» Task instructions: Every record should be copied exactly, and the images omitted.

» Material to process:
● ● ● ● ●
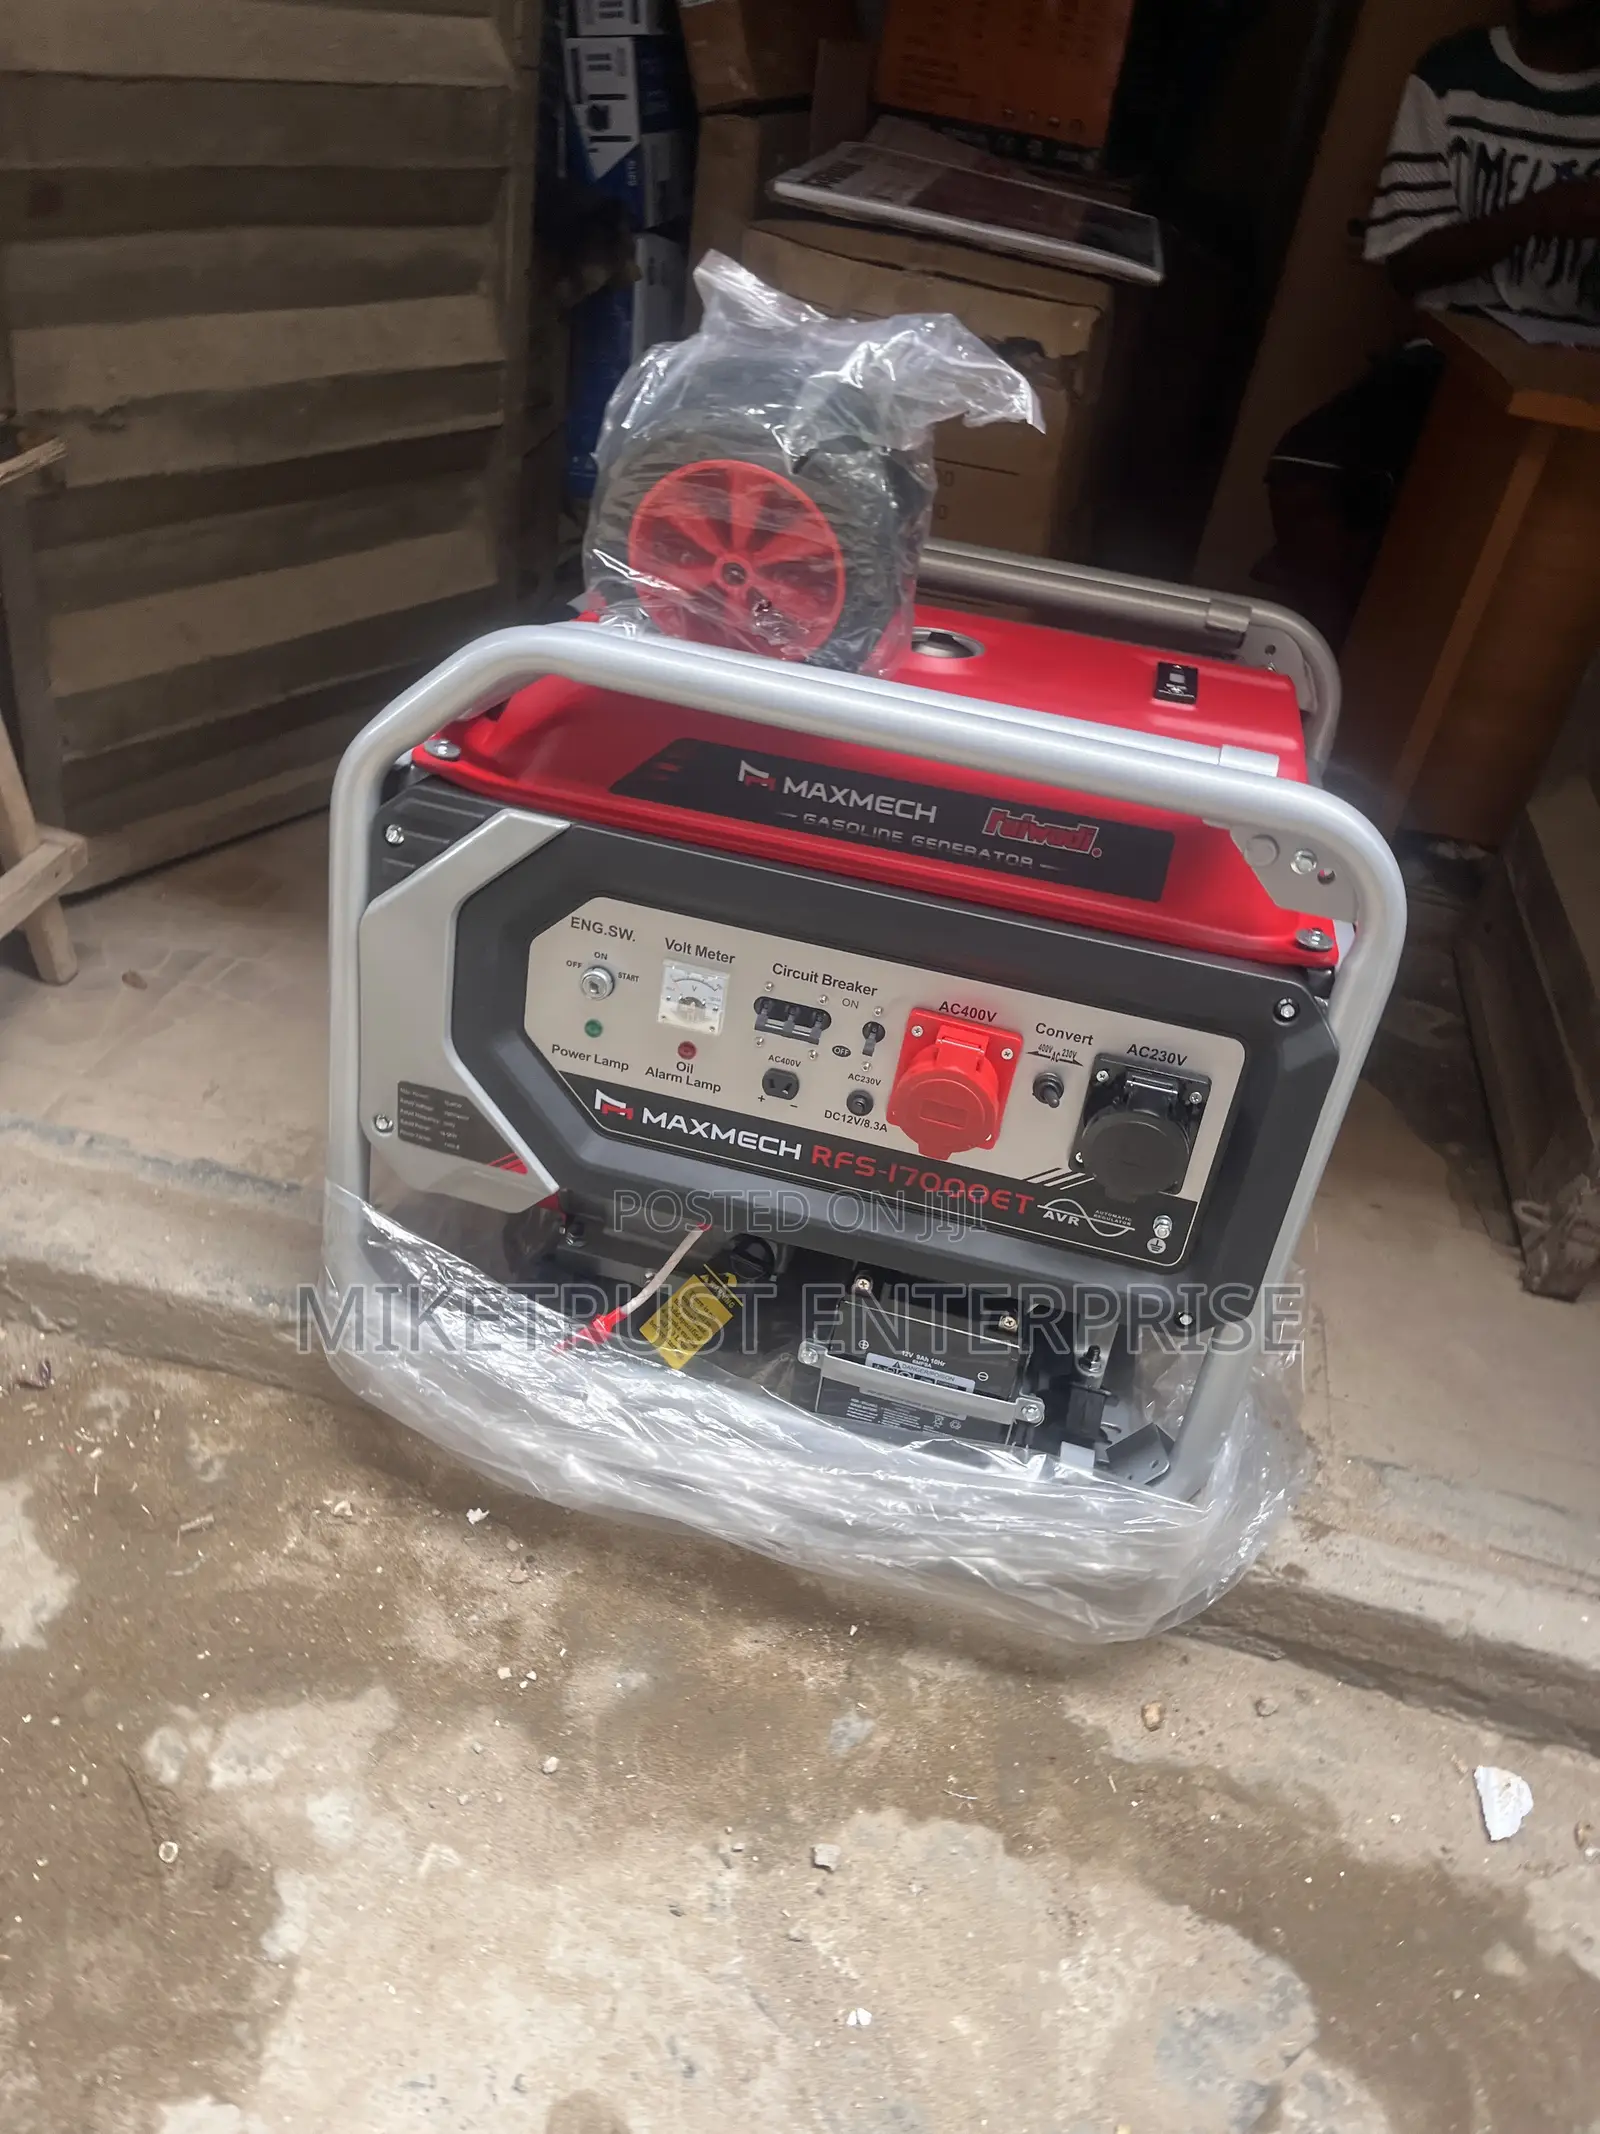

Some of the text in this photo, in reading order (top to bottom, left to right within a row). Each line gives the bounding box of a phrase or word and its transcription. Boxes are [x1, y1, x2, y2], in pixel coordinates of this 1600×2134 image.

[782, 776, 937, 823] MAXMECH
[803, 813, 1033, 869] GASOLINE GENERATOR
[570, 916, 636, 942] ENG.SW.
[594, 951, 608, 960] ON
[665, 937, 736, 964] Volt Meter
[566, 960, 582, 968] OFF
[618, 972, 639, 982] START
[772, 962, 878, 996] Circuit Breaker
[842, 998, 859, 1009] ON
[938, 1000, 998, 1023] AC400V
[1035, 1021, 1094, 1046] Convert
[551, 1043, 630, 1073] Power Lamp
[768, 1054, 802, 1068] AC400V
[834, 1046, 850, 1057] OFF
[1126, 1043, 1188, 1067] AC230V
[676, 1061, 694, 1075] Oil
[645, 1066, 722, 1094] Alarm Lamp
[848, 1073, 882, 1087] AC230V
[824, 1109, 888, 1133] DC12V/8.3A
[642, 1107, 1035, 1214] MAXMECH RFS-17000ET
[1042, 1210, 1080, 1227] AVR
[1095, 1210, 1132, 1222] AUTOMATIC
● ● ● ● ●
» Your solution:
Some of the text in this photo, in reading order (top to bottom, left to right within a row). Each line gives the bounding box of a phrase or word and its transcription. Boxes are [x1, y1, x2, y2], in pixel coordinates of this 1600×2134 image.

[782, 776, 937, 823] MAXMECH
[803, 813, 1033, 869] GASOLINE GENERATOR
[570, 916, 636, 942] ENG.SW.
[594, 951, 608, 960] ON
[665, 937, 736, 964] Volt Meter
[566, 960, 582, 968] OFF
[618, 972, 639, 982] START
[772, 962, 878, 996] Circuit Breaker
[842, 998, 859, 1009] ON
[938, 1000, 998, 1023] AC400V
[1035, 1021, 1094, 1046] Convert
[551, 1043, 630, 1073] Power Lamp
[768, 1054, 802, 1068] AC400V
[834, 1046, 850, 1057] OFF
[1126, 1043, 1188, 1067] AC230V
[676, 1061, 694, 1075] Oil
[645, 1066, 722, 1094] Alarm Lamp
[848, 1073, 882, 1087] AC230V
[824, 1109, 888, 1133] DC12V/8.3A
[642, 1107, 1035, 1214] MAXMECH RFS-17000ET
[1042, 1210, 1080, 1227] AVR
[1095, 1210, 1132, 1222] AUTOMATIC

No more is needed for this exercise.